Hank is a 1965 American television sitcom that starred Dick Kallman in the title role. The show is a notable early example of a program with a true series finale, in which the underlying premise of the series reaches a natural conclusion with its final episode.

==Synopsis==
The show, which aired on NBC in 1965, revolves around a pair of orphans. In both the unaired pilot and first episode, Hank Dearborn is explained to be a teenager left to raise his young sister, Tina, after their parents die in a car crash.
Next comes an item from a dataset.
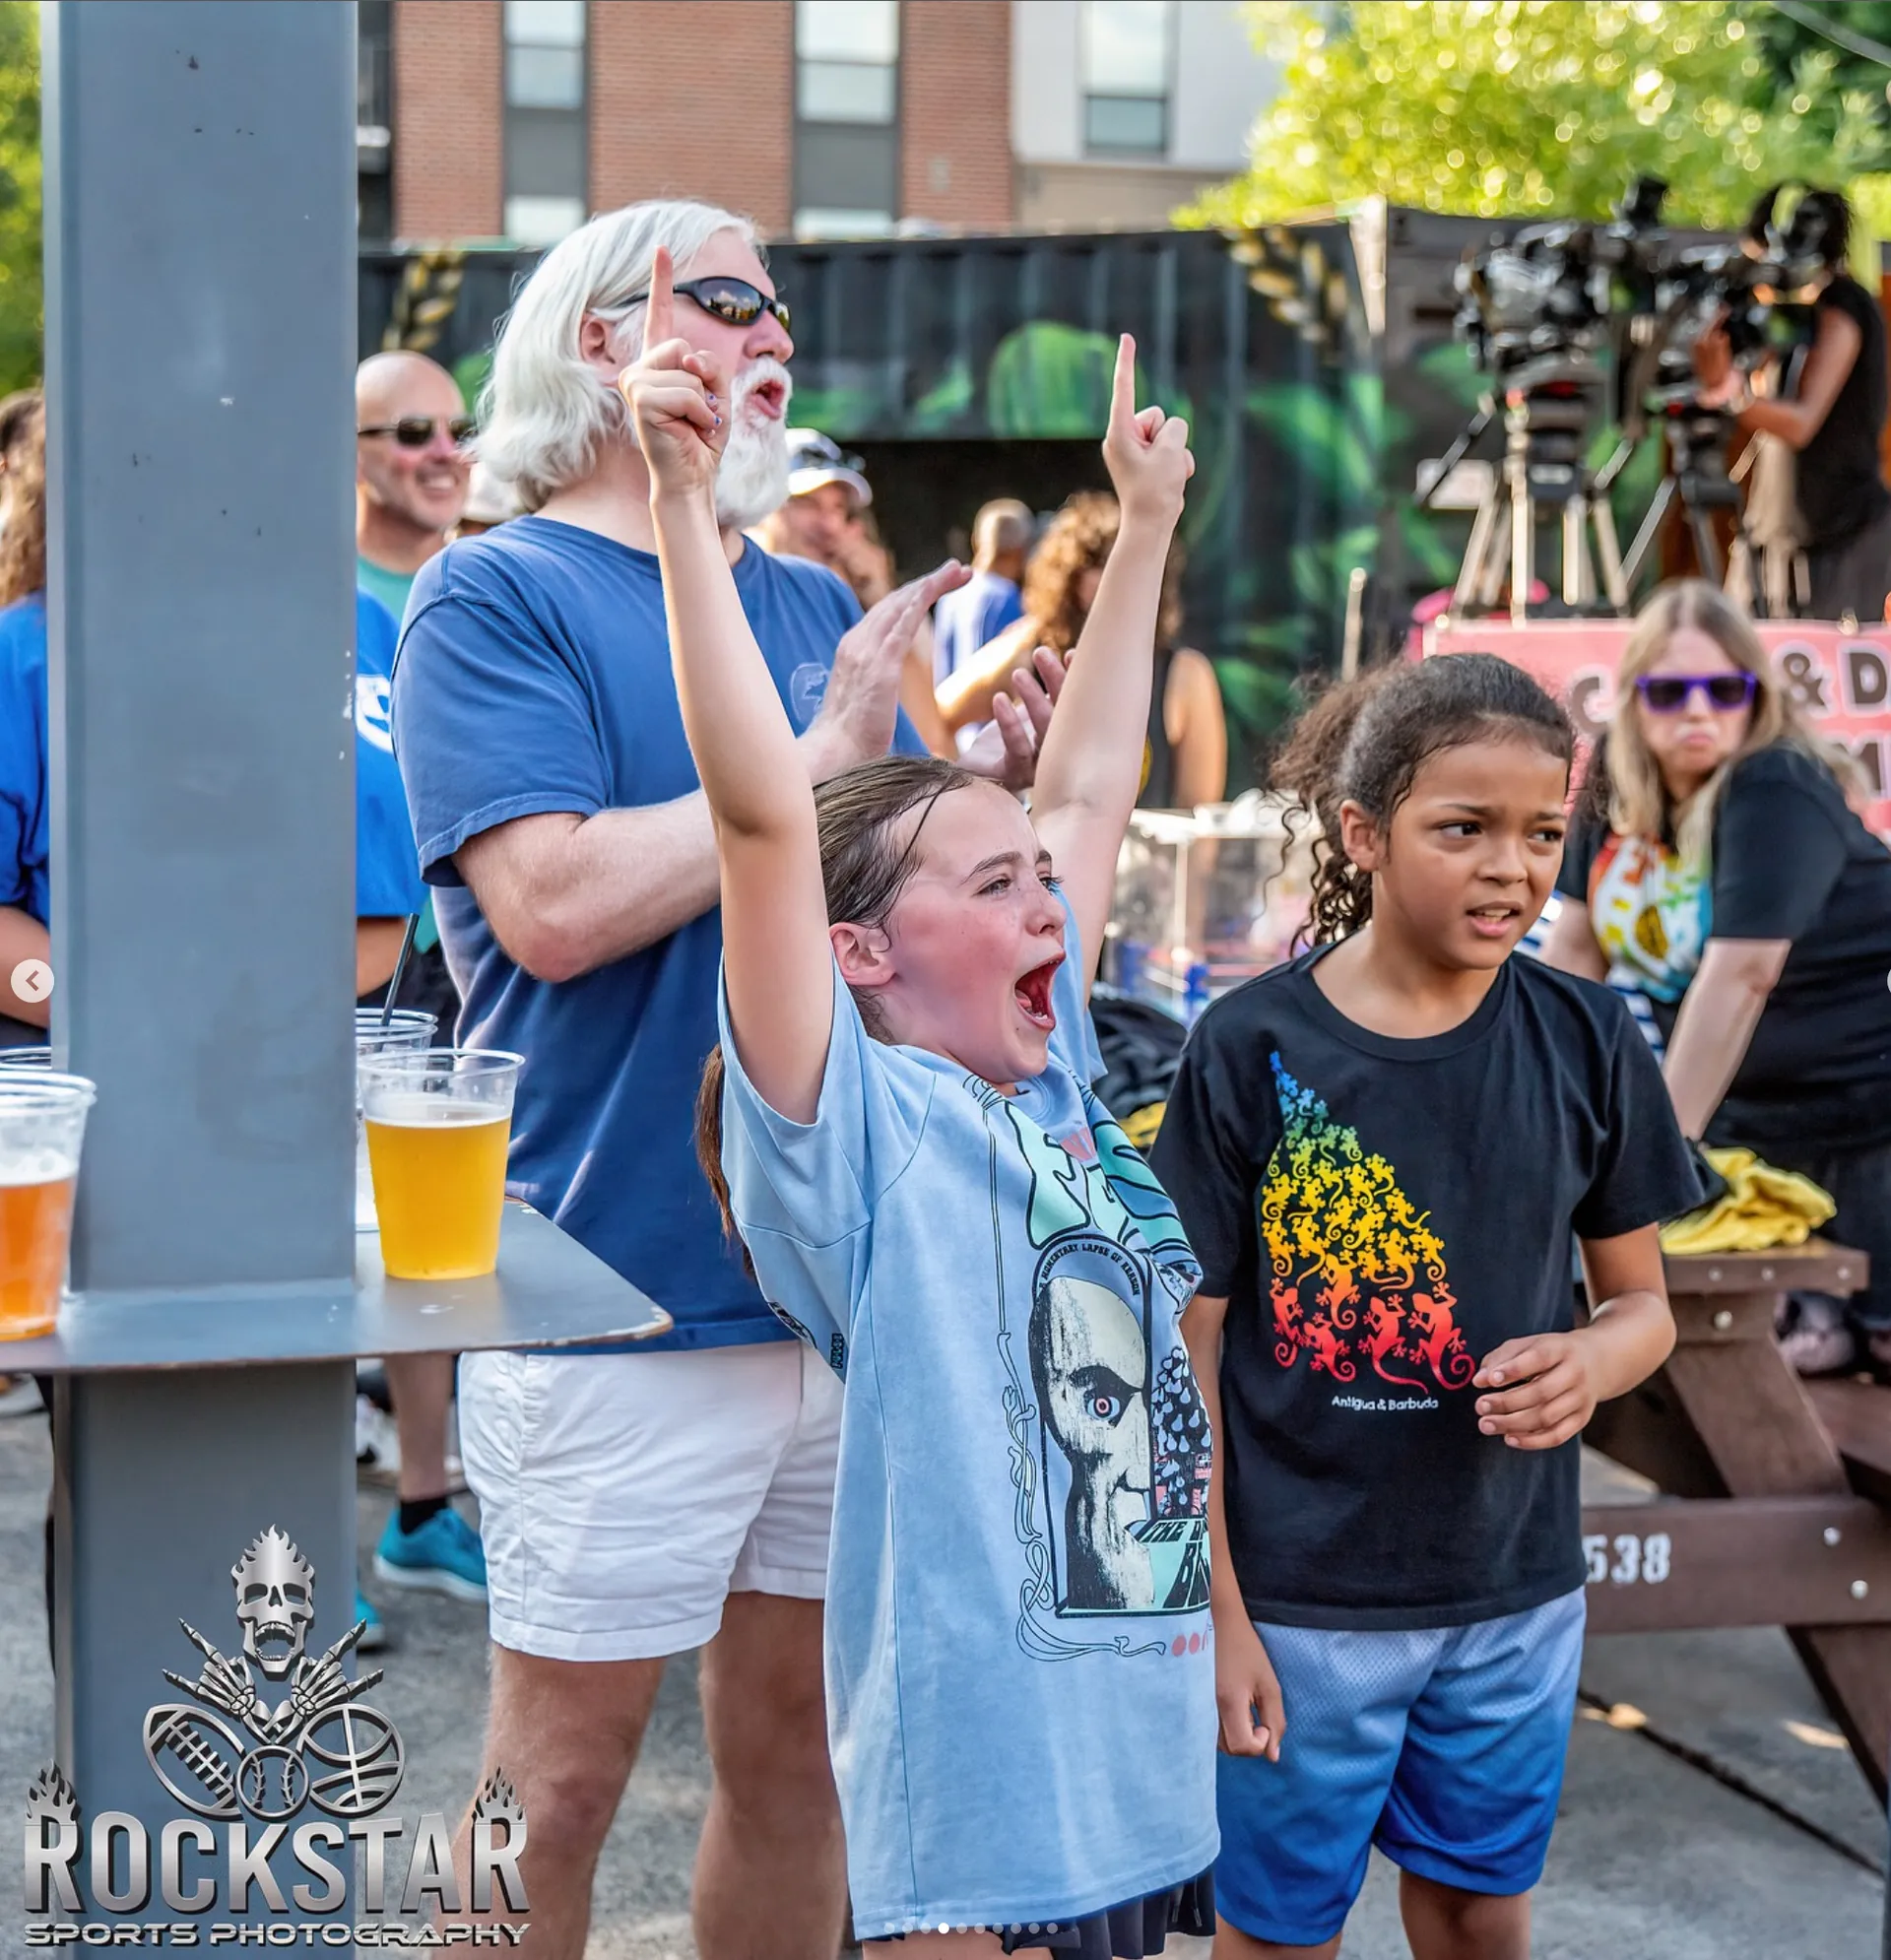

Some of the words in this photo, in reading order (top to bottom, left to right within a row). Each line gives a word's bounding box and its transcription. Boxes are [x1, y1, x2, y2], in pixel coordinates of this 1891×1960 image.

Seeing that the best route to success is through higher education, Hank attempts to illegally audit classes at the fictional Western State University, while at the same time taking a variety of odd jobs, including running his own lunch truck on campus, to financially support what remains of his family. Hank's attempt to accomplish these two goals provides much of the show's humor, as he must engage in identity theft, impersonating various students when they are absent from class, and helped by sympathetic Professor McKillup, who has access to the student roll. Much of the drama arises from Hank's fear of his sister being forced into foster care.
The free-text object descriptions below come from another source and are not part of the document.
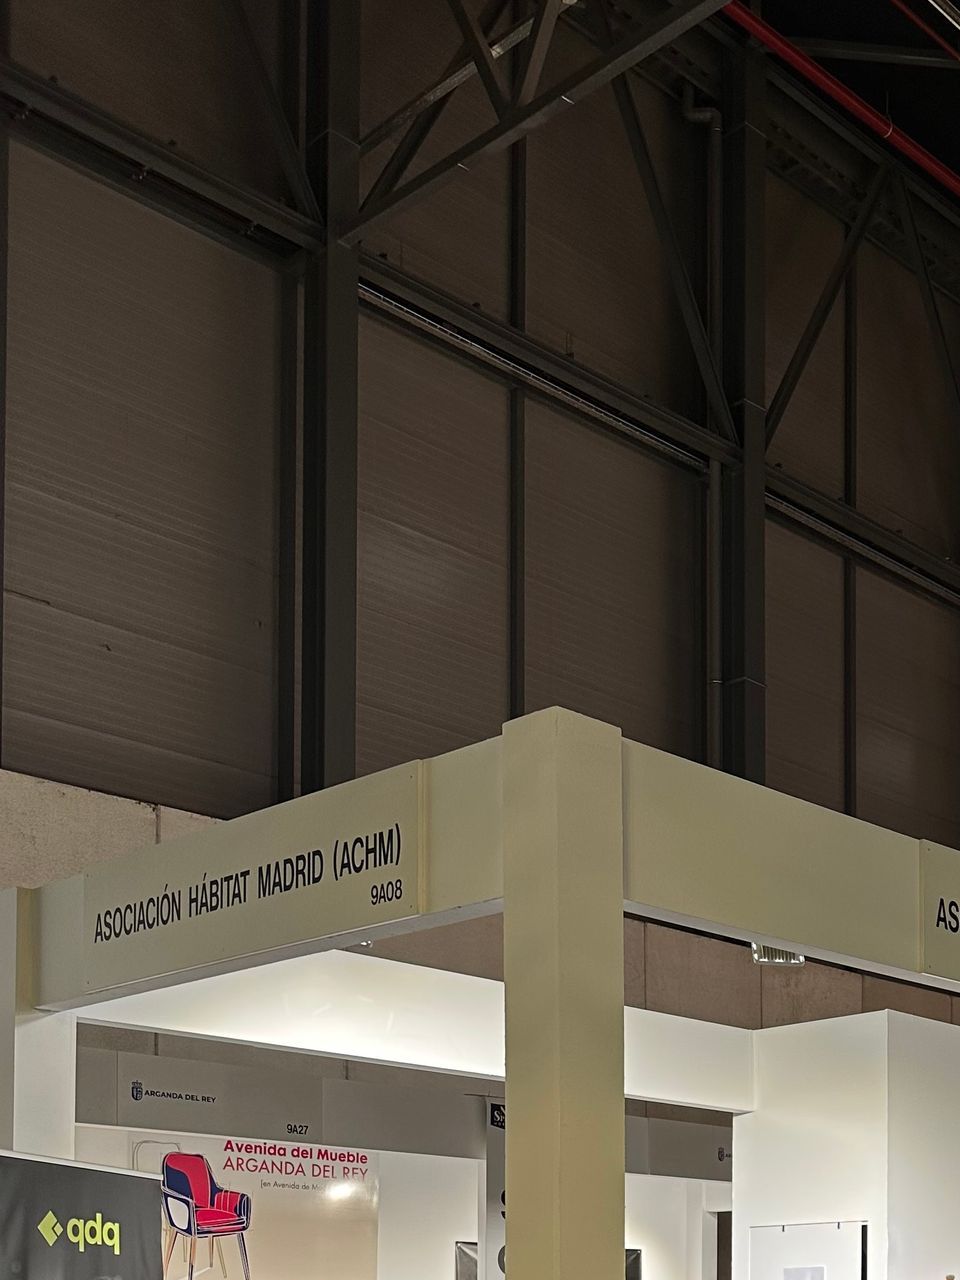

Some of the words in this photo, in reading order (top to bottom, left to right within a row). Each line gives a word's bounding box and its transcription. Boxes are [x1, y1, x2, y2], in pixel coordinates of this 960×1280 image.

[95, 884, 181, 943] ASOCIACIÓN
[188, 872, 250, 918] HÁBITAT
[257, 849, 324, 899] MADRID
[332, 822, 402, 881] (ACHM)
[370, 879, 403, 906] 9A08
[144, 1089, 183, 1100] ARGANDA
[184, 1093, 200, 1102] DEL
[201, 1095, 216, 1103] REY
[286, 1123, 309, 1135] 9A27
[223, 1139, 287, 1157] Avenida
[291, 1146, 313, 1160] del
[317, 1149, 368, 1164] Mueble
[222, 1156, 306, 1177] ARGANDA
[312, 1163, 337, 1179] DEL
[273, 1181, 300, 1190] Avenida
[66, 1212, 120, 1255] qdq
Hank's life is further complicated because he is dating Doris Royal, the daughter of the university's registrar, Dr. Lewis Royal, who is on the lookout for unregistered students like Hank. Typical episodes show Hank narrowly avoiding detection as an impersonator. In the final episode, his true identity is compromised. Because of his excellent performance on a recent exam, though, the university rewards him with a full academic scholarship and formal admittance to the university.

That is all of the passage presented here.